Spinal Anaesthesia, General Anaesthesia, Nerve Block and Epidural Anaesthesia are common terms for procedures. To understand what they mean, we have explained each procedure:
This requires an injection of local anaesthetic into the fluid of the spinal canal. This anaesthetic temporarily alters the way the spinal nerves work and there is no pain felt from the waist down. This procedure can last for several hours and may also be used with a general anaesthetic. Morphine can be added to provide long lasting pain relief post-operatively.
General anaesthesia is used if other methods described are not suitable, if the operation is complicated or if the patient has a preference for being anaesthetised. Patients are fully sedated under a general anaesthetic.

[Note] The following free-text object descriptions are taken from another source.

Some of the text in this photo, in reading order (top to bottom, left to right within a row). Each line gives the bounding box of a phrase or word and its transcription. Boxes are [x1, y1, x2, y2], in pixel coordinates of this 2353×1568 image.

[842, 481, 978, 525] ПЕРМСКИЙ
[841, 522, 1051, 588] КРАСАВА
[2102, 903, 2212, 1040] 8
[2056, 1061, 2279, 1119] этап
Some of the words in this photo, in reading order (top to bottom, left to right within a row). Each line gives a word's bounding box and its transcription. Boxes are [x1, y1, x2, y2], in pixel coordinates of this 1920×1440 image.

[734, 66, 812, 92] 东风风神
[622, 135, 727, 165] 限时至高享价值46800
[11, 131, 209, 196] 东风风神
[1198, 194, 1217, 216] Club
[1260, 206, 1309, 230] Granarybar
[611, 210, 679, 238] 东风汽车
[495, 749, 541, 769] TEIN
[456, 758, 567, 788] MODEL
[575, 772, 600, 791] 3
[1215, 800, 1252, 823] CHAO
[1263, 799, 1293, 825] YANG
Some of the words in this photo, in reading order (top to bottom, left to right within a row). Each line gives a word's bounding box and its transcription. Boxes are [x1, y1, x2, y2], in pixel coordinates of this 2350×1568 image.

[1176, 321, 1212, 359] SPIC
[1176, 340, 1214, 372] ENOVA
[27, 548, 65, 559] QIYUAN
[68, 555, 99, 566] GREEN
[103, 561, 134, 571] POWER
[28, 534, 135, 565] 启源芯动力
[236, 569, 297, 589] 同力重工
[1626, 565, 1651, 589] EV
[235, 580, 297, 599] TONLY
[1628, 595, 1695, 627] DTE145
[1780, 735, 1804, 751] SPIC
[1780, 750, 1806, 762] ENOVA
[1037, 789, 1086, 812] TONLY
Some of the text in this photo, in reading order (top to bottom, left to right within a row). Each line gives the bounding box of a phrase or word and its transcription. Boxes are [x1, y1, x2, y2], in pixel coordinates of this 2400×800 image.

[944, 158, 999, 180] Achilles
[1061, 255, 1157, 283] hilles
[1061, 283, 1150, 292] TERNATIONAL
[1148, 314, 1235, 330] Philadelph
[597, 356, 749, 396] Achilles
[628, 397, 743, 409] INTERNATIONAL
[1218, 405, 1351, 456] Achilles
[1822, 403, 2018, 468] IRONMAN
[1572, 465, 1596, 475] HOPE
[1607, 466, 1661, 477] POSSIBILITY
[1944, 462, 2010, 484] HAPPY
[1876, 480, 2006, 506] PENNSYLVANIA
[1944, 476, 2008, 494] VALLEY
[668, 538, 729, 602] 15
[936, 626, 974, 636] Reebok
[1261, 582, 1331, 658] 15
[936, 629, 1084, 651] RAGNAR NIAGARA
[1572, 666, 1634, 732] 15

This is where local anaesthetic is injected to block the nerves that supply the operative area. Nerve blocks are often combined with general or spinal anaesthesia to provide excellent long lasting pain relief.
An epidural is the injection of an anaesthetic drug into the lower back by injecting local anaesthetic under the skin. The epidural is performed by the use of a thin soft tube (catheter) being inserted via an epidural needle through the spinal ligaments between two vertebrae. The needle is removed and the catheter is left in place. The anaesthetic is given gradually as required to control the pain.
Spinal and epidural anaesthetics by themselves do not cause drowsiness but can be used in conjunction with intravenous sedation.